# Data in this exercise
Start of Block

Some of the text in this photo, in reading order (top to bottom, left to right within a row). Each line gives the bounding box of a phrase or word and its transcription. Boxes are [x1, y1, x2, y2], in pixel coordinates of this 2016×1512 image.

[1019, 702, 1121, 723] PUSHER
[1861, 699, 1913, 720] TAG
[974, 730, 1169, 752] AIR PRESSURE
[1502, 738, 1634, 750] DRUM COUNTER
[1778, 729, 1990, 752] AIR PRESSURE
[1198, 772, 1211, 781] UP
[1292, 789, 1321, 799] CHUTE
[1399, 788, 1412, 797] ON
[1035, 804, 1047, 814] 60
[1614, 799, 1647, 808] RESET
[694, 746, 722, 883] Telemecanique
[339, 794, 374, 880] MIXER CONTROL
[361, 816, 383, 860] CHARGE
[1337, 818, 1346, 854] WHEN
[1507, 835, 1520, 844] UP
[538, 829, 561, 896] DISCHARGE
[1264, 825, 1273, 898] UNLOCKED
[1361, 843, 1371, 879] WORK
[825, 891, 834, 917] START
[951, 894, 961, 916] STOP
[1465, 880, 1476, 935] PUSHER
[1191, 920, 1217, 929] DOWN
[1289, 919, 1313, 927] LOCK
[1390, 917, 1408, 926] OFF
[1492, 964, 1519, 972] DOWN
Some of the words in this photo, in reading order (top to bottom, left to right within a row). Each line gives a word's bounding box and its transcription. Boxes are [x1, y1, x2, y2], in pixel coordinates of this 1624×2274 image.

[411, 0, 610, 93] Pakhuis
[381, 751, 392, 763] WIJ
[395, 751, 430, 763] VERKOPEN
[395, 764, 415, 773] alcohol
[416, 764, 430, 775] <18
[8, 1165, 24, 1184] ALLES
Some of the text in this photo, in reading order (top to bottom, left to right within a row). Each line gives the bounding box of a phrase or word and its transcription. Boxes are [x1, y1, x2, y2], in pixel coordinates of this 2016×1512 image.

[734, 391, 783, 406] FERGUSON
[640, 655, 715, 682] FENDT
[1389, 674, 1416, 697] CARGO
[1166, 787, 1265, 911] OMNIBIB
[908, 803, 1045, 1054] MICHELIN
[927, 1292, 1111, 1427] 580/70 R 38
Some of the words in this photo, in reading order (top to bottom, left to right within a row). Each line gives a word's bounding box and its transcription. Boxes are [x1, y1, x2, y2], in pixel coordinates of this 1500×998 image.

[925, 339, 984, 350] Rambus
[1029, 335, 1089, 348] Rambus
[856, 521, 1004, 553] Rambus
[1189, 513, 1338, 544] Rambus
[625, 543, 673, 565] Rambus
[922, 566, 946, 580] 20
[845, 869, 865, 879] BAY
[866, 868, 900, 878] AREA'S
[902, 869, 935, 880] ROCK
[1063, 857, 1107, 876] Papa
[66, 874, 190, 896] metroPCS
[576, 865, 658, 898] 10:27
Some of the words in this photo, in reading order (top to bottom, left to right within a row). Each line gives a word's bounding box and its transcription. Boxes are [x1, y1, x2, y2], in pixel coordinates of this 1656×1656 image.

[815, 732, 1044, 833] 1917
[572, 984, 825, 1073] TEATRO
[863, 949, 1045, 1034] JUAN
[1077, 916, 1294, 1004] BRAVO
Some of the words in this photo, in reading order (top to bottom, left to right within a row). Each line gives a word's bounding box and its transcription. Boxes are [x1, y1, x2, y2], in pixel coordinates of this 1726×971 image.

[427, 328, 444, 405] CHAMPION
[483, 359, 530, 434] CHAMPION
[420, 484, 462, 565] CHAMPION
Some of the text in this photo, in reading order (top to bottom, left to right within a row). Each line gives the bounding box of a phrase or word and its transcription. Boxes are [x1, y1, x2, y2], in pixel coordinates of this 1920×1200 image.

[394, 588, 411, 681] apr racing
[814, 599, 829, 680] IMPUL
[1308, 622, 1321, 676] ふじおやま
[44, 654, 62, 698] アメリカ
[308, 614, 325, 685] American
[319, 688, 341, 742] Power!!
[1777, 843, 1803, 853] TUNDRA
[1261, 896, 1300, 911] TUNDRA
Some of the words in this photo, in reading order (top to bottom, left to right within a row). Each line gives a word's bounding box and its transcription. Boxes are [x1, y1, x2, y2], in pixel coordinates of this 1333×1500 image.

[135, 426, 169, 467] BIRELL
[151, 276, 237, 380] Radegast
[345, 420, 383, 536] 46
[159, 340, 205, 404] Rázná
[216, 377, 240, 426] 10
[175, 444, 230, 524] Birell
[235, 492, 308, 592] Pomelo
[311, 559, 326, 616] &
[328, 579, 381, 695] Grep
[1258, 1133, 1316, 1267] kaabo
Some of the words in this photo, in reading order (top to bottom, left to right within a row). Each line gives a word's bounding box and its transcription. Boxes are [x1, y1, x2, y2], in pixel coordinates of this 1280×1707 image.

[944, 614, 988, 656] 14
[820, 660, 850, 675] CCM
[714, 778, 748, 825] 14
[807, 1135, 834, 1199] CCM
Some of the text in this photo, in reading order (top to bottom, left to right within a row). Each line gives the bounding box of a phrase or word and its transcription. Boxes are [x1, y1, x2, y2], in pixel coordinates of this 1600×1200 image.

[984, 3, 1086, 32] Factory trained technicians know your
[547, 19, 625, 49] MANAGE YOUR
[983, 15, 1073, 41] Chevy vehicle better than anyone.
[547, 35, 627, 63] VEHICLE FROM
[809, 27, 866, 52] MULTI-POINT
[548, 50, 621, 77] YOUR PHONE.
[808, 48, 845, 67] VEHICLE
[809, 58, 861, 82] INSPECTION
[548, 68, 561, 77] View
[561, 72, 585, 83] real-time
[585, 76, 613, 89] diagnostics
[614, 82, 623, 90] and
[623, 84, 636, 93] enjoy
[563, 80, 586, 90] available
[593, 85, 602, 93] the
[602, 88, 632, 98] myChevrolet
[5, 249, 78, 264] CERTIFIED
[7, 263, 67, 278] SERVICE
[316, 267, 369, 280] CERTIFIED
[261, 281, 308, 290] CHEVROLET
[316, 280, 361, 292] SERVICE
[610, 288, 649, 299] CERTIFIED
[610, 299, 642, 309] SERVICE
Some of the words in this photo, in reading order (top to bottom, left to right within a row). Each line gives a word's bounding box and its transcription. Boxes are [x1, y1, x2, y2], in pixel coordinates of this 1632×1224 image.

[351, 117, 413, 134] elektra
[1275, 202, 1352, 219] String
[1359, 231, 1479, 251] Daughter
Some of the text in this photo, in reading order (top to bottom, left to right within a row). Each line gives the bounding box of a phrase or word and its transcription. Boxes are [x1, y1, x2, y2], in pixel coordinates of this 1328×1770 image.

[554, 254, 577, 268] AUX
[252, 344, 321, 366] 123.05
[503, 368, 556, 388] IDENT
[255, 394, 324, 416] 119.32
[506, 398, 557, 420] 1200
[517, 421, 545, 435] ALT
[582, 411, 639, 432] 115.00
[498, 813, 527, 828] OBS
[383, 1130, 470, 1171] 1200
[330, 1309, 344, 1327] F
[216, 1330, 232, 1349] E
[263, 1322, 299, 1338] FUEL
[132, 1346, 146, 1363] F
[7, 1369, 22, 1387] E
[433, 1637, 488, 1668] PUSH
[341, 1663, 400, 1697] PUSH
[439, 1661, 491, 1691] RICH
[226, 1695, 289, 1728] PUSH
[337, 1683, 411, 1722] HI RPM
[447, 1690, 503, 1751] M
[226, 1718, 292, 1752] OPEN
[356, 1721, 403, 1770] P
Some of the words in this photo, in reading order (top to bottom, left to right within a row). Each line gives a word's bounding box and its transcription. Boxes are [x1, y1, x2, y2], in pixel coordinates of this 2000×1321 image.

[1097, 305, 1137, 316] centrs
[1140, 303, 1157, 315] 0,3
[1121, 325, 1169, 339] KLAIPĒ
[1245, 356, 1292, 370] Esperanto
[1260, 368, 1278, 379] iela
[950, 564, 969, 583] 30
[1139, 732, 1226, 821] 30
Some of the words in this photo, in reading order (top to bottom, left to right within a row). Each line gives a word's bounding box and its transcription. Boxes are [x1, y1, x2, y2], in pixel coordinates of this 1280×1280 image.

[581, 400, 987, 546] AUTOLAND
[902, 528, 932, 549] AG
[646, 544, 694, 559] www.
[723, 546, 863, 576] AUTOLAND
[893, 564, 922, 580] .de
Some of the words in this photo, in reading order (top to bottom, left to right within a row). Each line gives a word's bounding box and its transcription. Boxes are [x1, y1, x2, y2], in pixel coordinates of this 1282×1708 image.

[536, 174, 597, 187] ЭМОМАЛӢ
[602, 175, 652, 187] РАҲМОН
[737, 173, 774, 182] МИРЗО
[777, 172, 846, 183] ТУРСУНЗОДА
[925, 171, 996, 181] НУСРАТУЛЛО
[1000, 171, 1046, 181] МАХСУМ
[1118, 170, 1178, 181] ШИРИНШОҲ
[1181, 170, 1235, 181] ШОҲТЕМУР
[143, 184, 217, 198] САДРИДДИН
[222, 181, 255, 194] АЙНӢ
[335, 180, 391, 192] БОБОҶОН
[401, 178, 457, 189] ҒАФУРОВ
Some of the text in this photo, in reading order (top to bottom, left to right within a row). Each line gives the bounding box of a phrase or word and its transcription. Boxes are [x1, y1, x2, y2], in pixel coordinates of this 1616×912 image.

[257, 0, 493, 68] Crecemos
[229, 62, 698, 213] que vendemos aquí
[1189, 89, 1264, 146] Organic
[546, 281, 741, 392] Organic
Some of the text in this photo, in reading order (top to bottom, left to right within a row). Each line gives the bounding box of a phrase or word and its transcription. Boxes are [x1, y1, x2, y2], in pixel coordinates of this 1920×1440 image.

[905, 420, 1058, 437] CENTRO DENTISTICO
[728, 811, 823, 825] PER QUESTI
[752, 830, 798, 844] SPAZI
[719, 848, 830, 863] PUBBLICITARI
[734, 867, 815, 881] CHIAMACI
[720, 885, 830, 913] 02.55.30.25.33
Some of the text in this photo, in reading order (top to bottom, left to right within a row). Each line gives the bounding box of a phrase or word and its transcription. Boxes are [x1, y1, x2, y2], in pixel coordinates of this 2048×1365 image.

End of Block

# What is being asked
Output exactly the lines from the one containing "this 1920×1440 image." through the last line of the entries, both ends included.

# Answer for this exercise
Some of the text in this photo, in reading order (top to bottom, left to right within a row). Each line gives the bounding box of a phrase or word and its transcription. Boxes are [x1, y1, x2, y2], in pixel coordinates of this 1920×1440 image.

[905, 420, 1058, 437] CENTRO DENTISTICO
[728, 811, 823, 825] PER QUESTI
[752, 830, 798, 844] SPAZI
[719, 848, 830, 863] PUBBLICITARI
[734, 867, 815, 881] CHIAMACI
[720, 885, 830, 913] 02.55.30.25.33
Some of the text in this photo, in reading order (top to bottom, left to right within a row). Each line gives the bounding box of a phrase or word and its transcription. Boxes are [x1, y1, x2, y2], in pixel coordinates of this 2048×1365 image.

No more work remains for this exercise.